What is being asked — Repeat the entries below word for word, though any picture in them should be dropped.

Supplied records —
▼
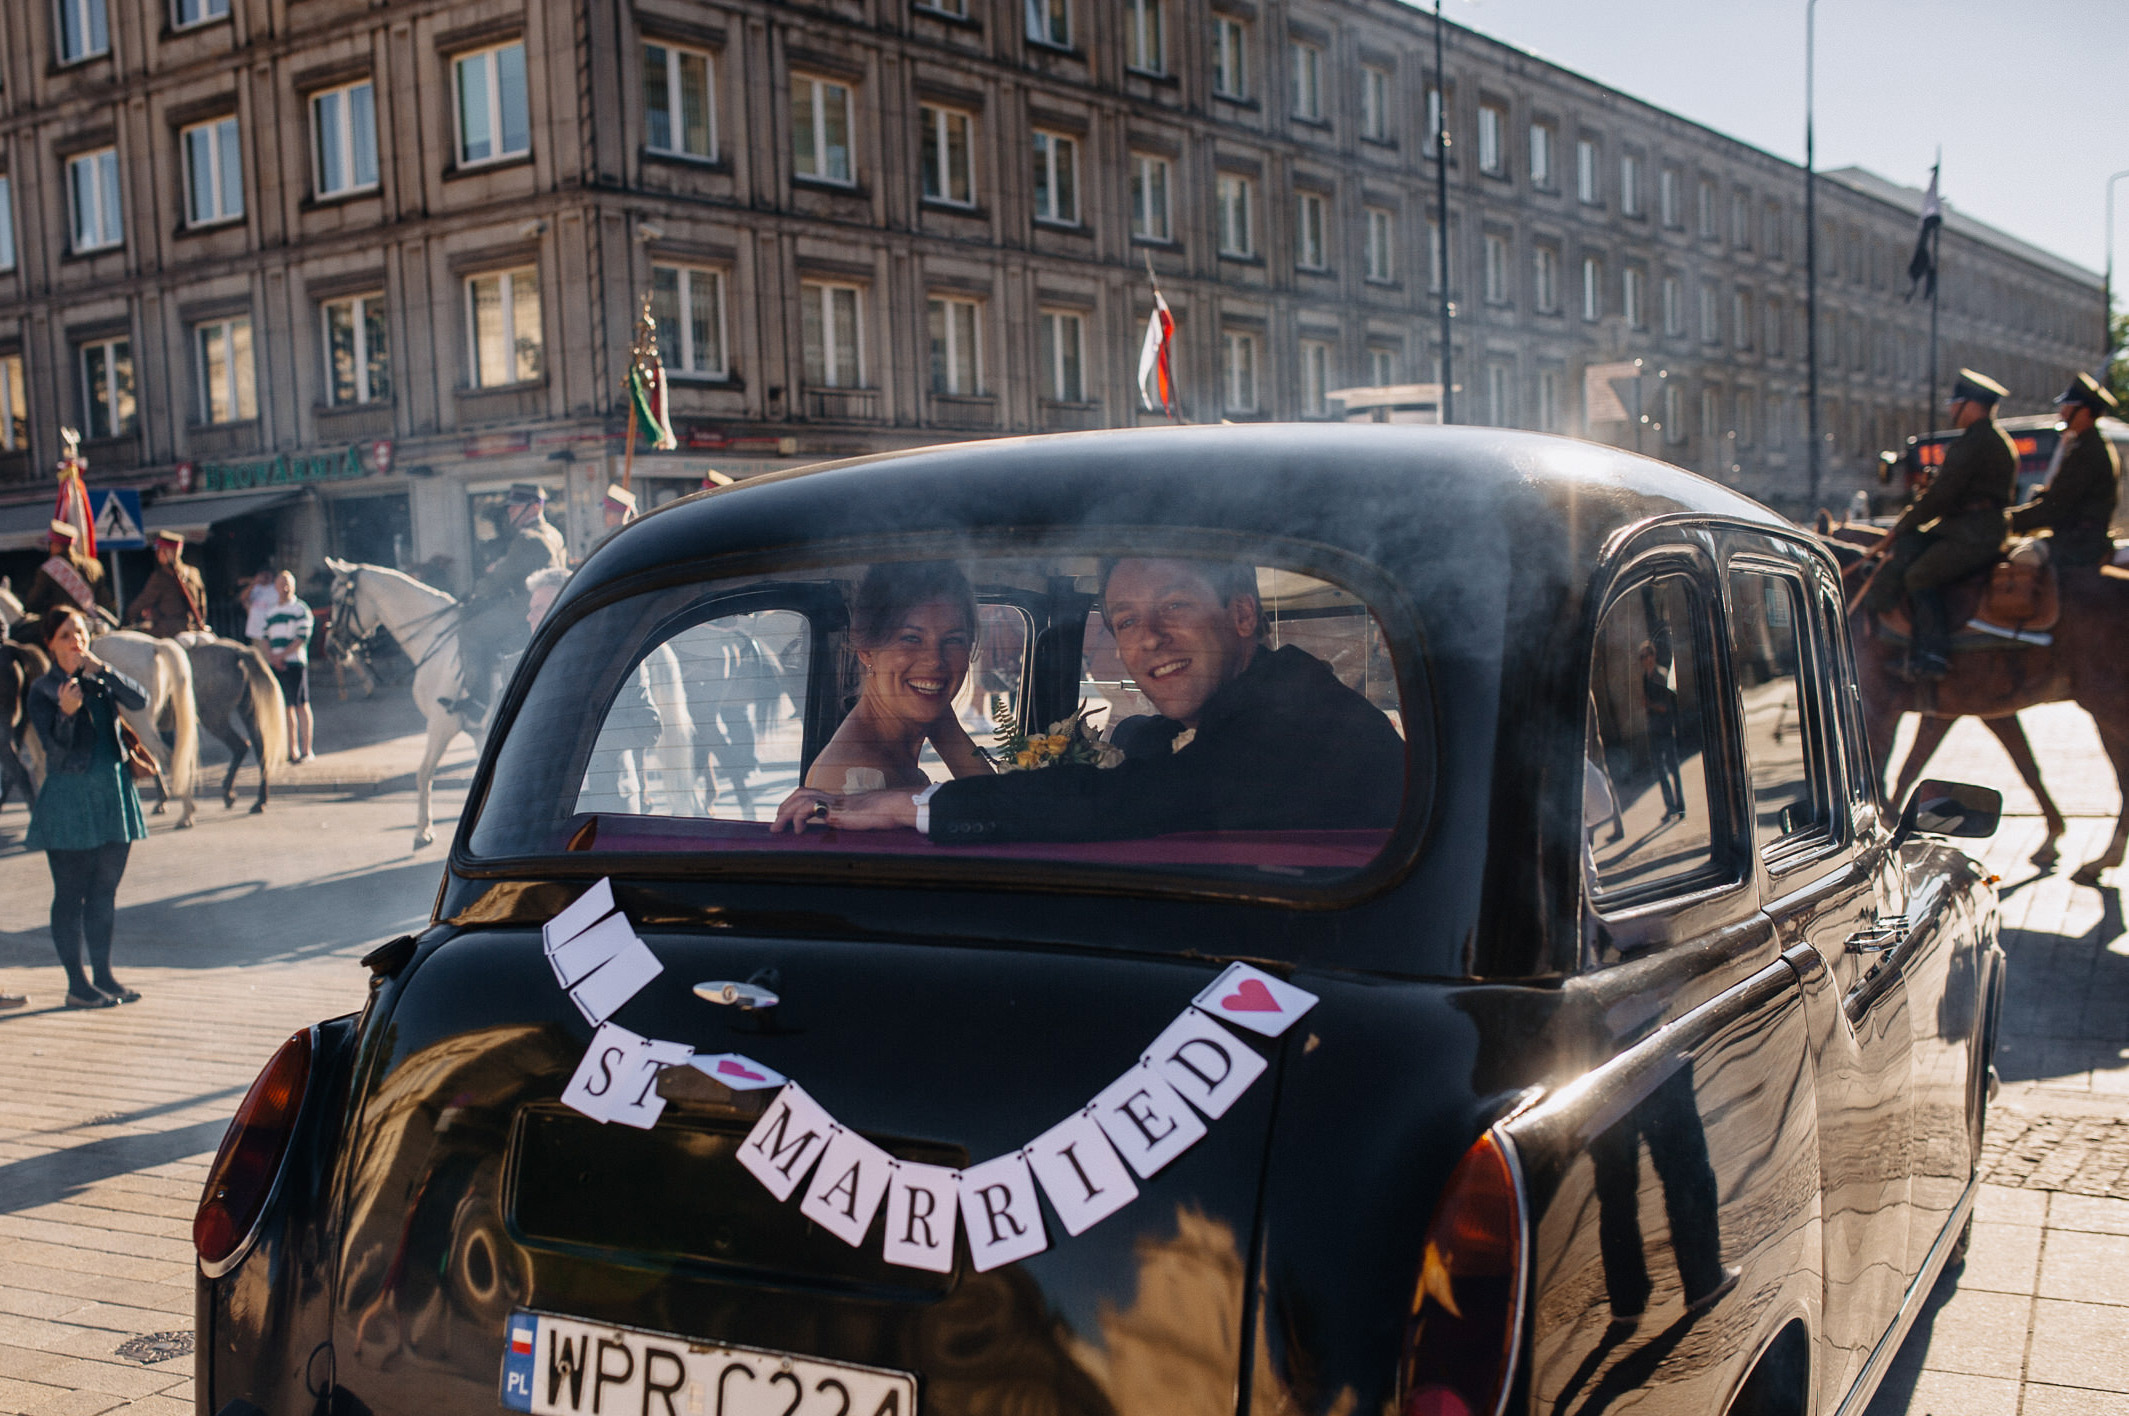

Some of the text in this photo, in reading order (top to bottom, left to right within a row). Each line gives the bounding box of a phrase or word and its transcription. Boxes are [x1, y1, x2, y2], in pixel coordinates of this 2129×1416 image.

[753, 1036, 1232, 1249] MARRIED
[507, 1371, 529, 1396] PL
[547, 1329, 686, 1416] WPR
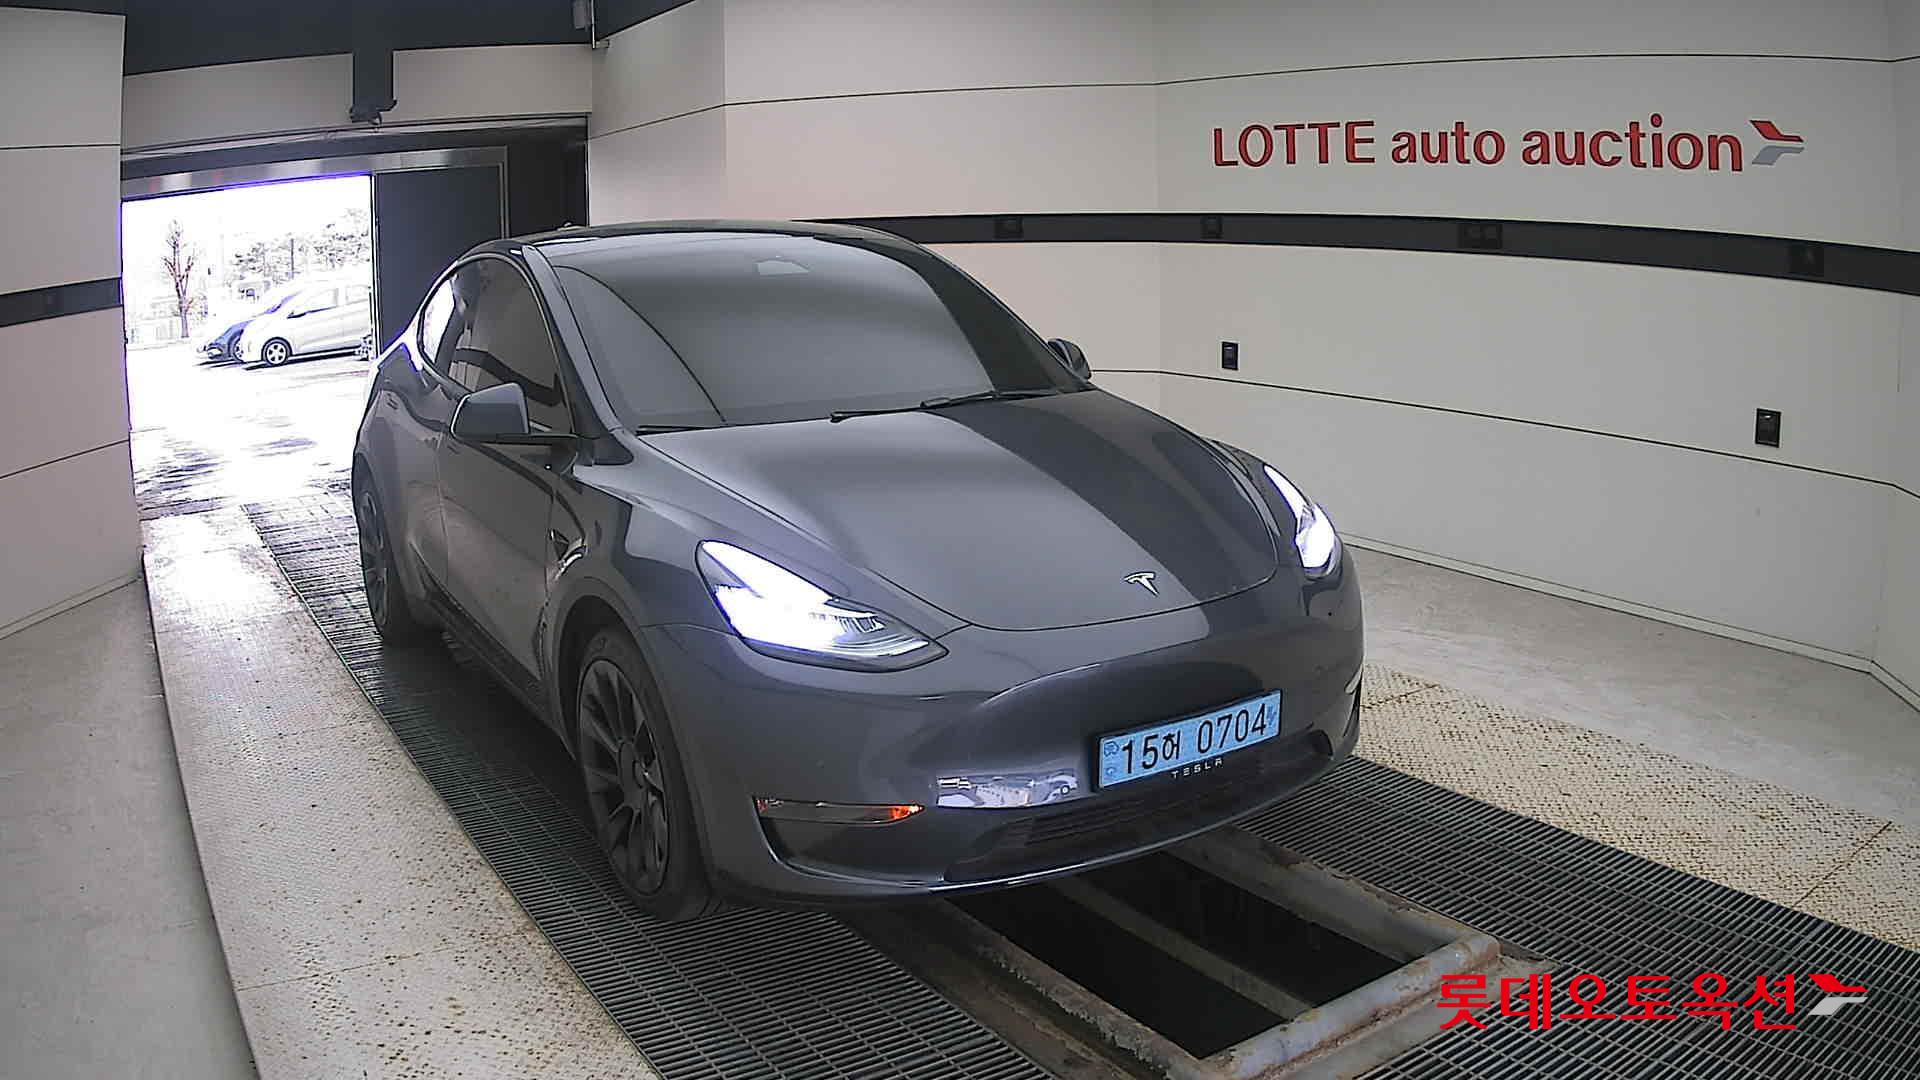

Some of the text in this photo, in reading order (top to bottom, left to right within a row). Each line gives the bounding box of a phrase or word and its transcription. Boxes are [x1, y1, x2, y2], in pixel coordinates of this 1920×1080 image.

[1213, 113, 1744, 172] LOTTE auto auction
[1121, 703, 1266, 774] 15허 0704
[1171, 757, 1224, 779] TESLA
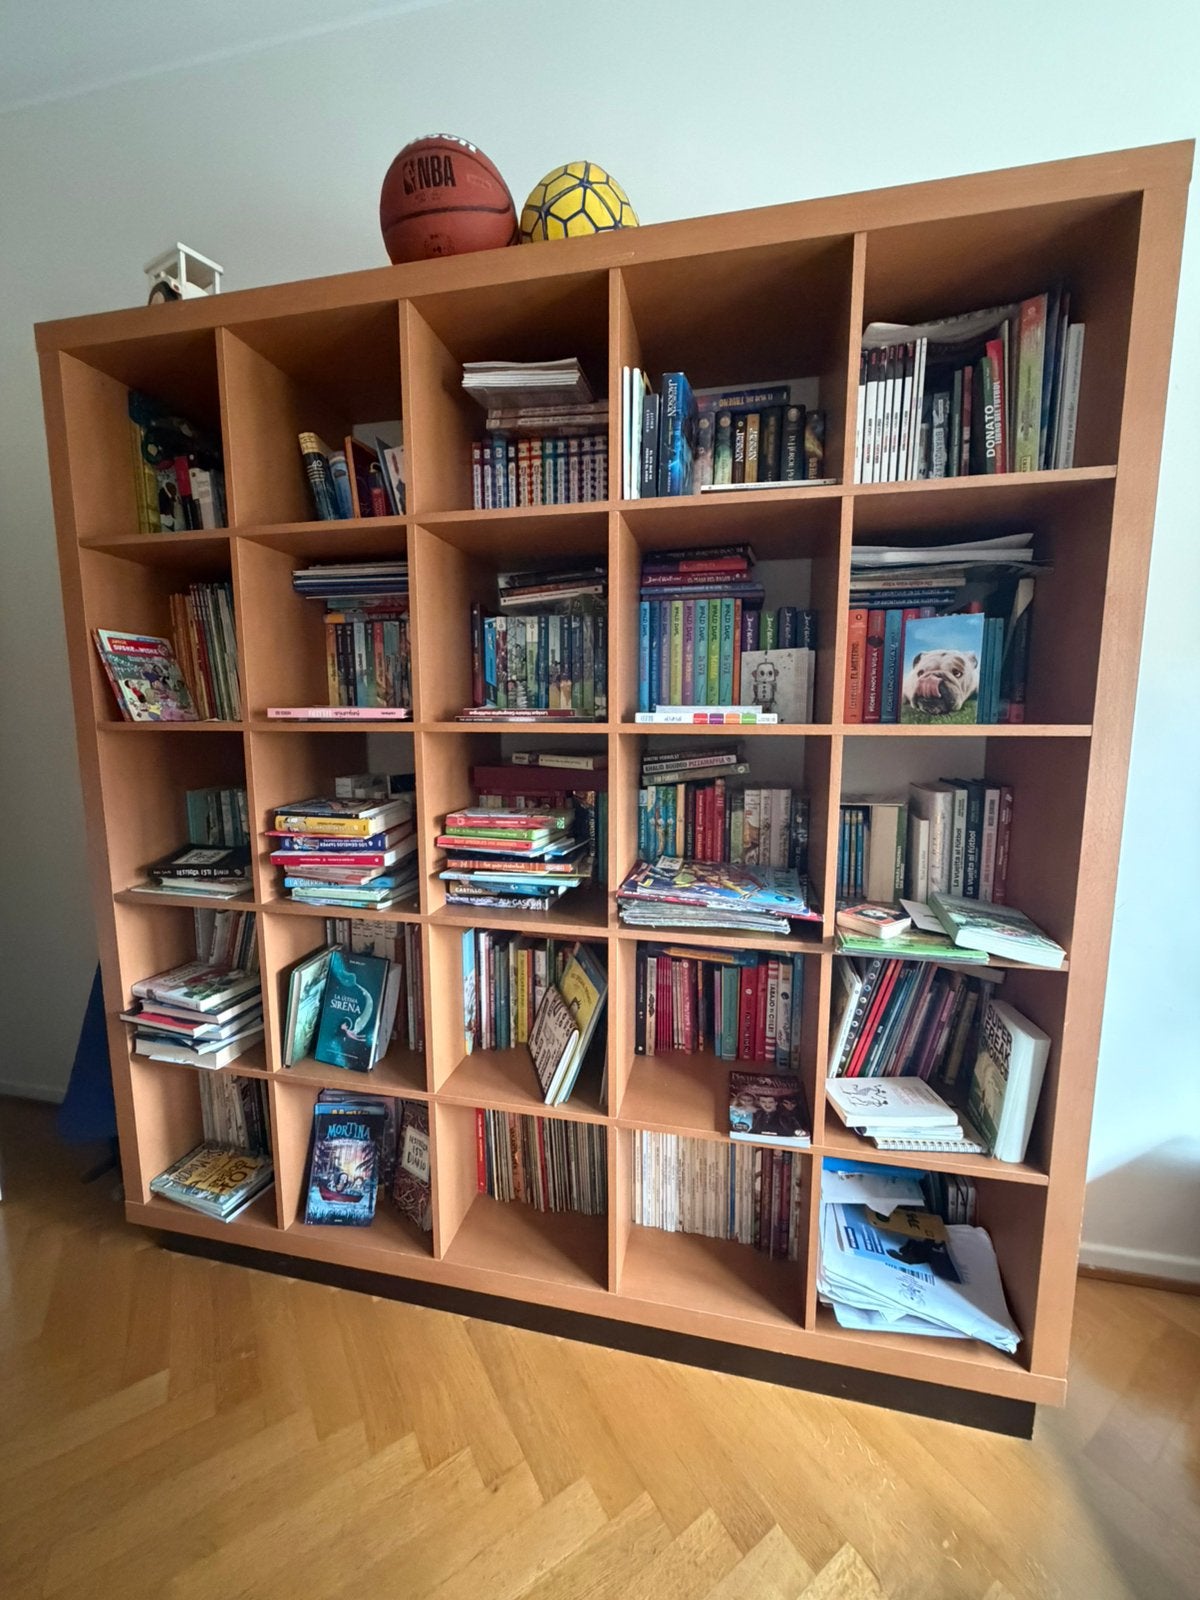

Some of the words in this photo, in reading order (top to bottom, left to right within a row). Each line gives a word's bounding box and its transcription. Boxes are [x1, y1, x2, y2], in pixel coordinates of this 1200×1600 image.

[417, 155, 457, 189] NBA
[984, 405, 996, 458] DONATO
[954, 828, 962, 849] fútbol
[967, 830, 976, 854] fútbol
[954, 848, 960, 856] al
[967, 854, 975, 862] al
[953, 856, 961, 879] vuelta
[966, 862, 974, 885] vuelta
[455, 886, 482, 894] CASTILLO
[953, 879, 960, 888] La
[966, 886, 974, 895] La
[330, 999, 361, 1014] SIRENA
[987, 1005, 1013, 1052] SUPER
[326, 1121, 371, 1140] MORTINA
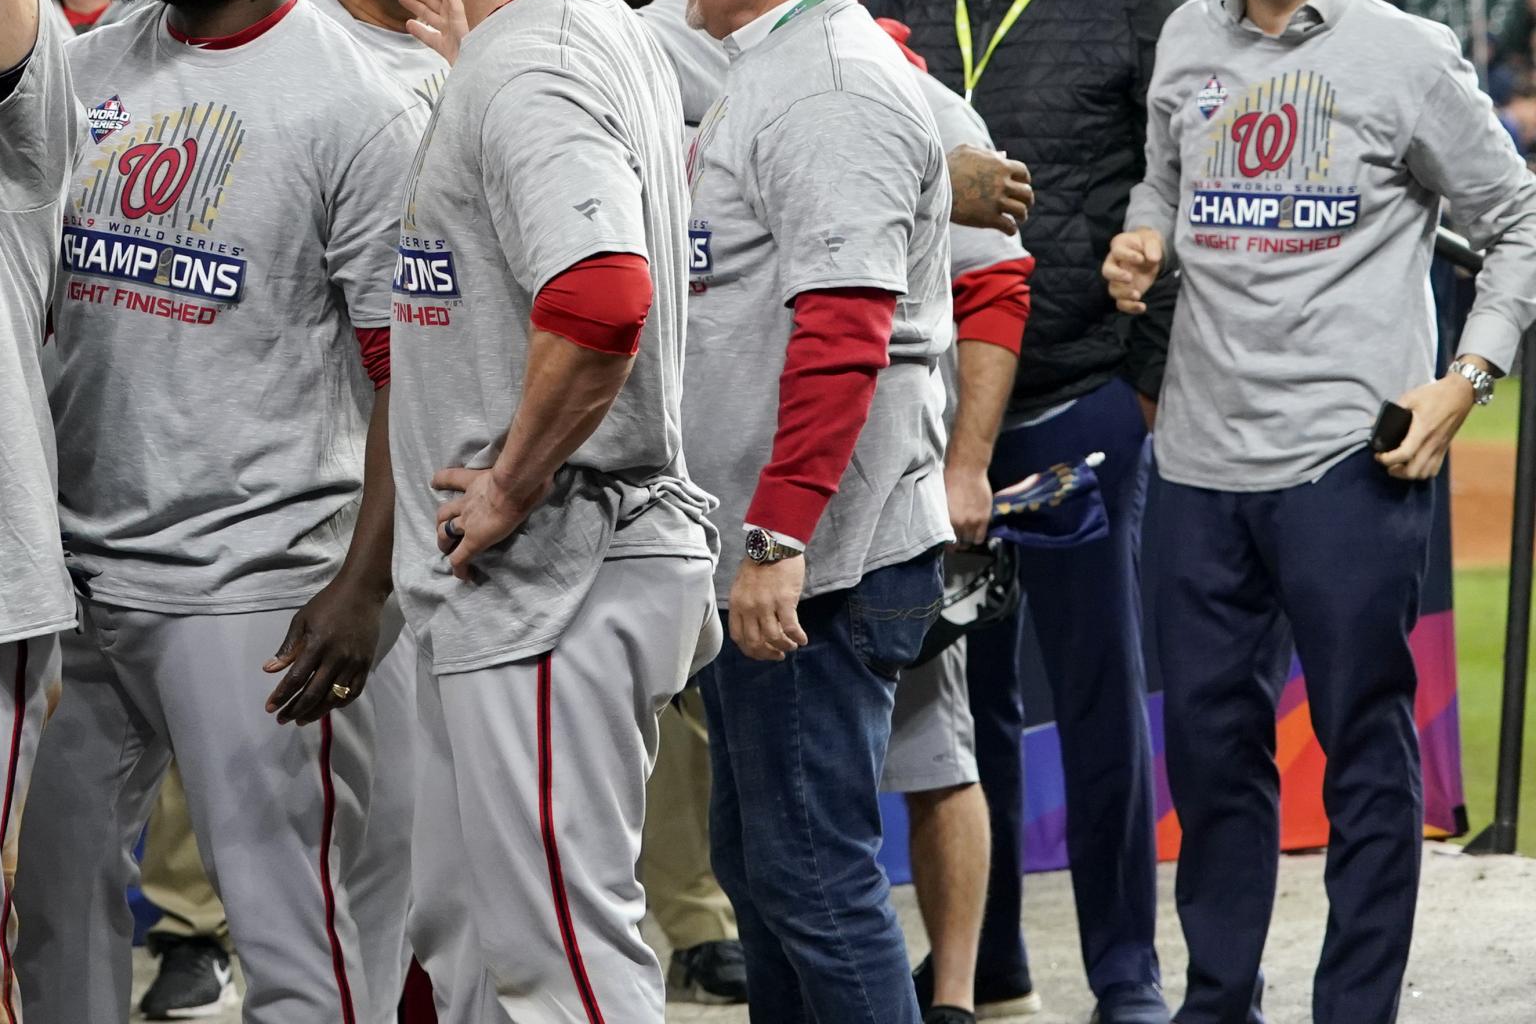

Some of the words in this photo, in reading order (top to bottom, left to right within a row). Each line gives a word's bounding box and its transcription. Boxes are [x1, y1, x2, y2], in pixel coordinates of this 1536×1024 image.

[87, 106, 131, 123] WORLD
[1231, 102, 1298, 179] W
[118, 137, 199, 220] W
[1232, 182, 1283, 192] WORLD
[109, 221, 165, 241] WORLD
[175, 234, 241, 256] SERIES
[1246, 234, 1341, 254] FINISHED
[113, 288, 217, 325] FINISHED
▲
Task result —
Some of the text in this photo, in reading order (top to bottom, left to right within a row). Each line gives the bounding box of a phrase or word and its transcription. Boxes are [x1, y1, x2, y2], in pixel coordinates of this 2129×1416 image.

[753, 1036, 1232, 1249] MARRIED
[507, 1371, 529, 1396] PL
[547, 1329, 686, 1416] WPR

Some of the text in this photo, in reading order (top to bottom, left to right within a row). Each line gives the bounding box of a phrase or word and its transcription. Boxes are [x1, y1, x2, y2], in pixel coordinates of this 1920×1080 image.

[1213, 113, 1744, 172] LOTTE auto auction
[1121, 703, 1266, 774] 15허 0704
[1171, 757, 1224, 779] TESLA

Some of the words in this photo, in reading order (top to bottom, left to right within a row). Each line gives a word's bounding box and its transcription. Boxes are [x1, y1, x2, y2], in pixel coordinates of this 1200×1600 image.

[417, 155, 457, 189] NBA
[984, 405, 996, 458] DONATO
[954, 828, 962, 849] fútbol
[967, 830, 976, 854] fútbol
[954, 848, 960, 856] al
[967, 854, 975, 862] al
[953, 856, 961, 879] vuelta
[966, 862, 974, 885] vuelta
[455, 886, 482, 894] CASTILLO
[953, 879, 960, 888] La
[966, 886, 974, 895] La
[330, 999, 361, 1014] SIRENA
[987, 1005, 1013, 1052] SUPER
[326, 1121, 371, 1140] MORTINA

Some of the words in this photo, in reading order (top to bottom, left to right within a row). Each line gives a word's bounding box and its transcription. Boxes are [x1, y1, x2, y2], in pixel coordinates of this 1536×1024 image.

[87, 106, 131, 123] WORLD
[1231, 102, 1298, 179] W
[118, 137, 199, 220] W
[1232, 182, 1283, 192] WORLD
[109, 221, 165, 241] WORLD
[175, 234, 241, 256] SERIES
[1246, 234, 1341, 254] FINISHED
[113, 288, 217, 325] FINISHED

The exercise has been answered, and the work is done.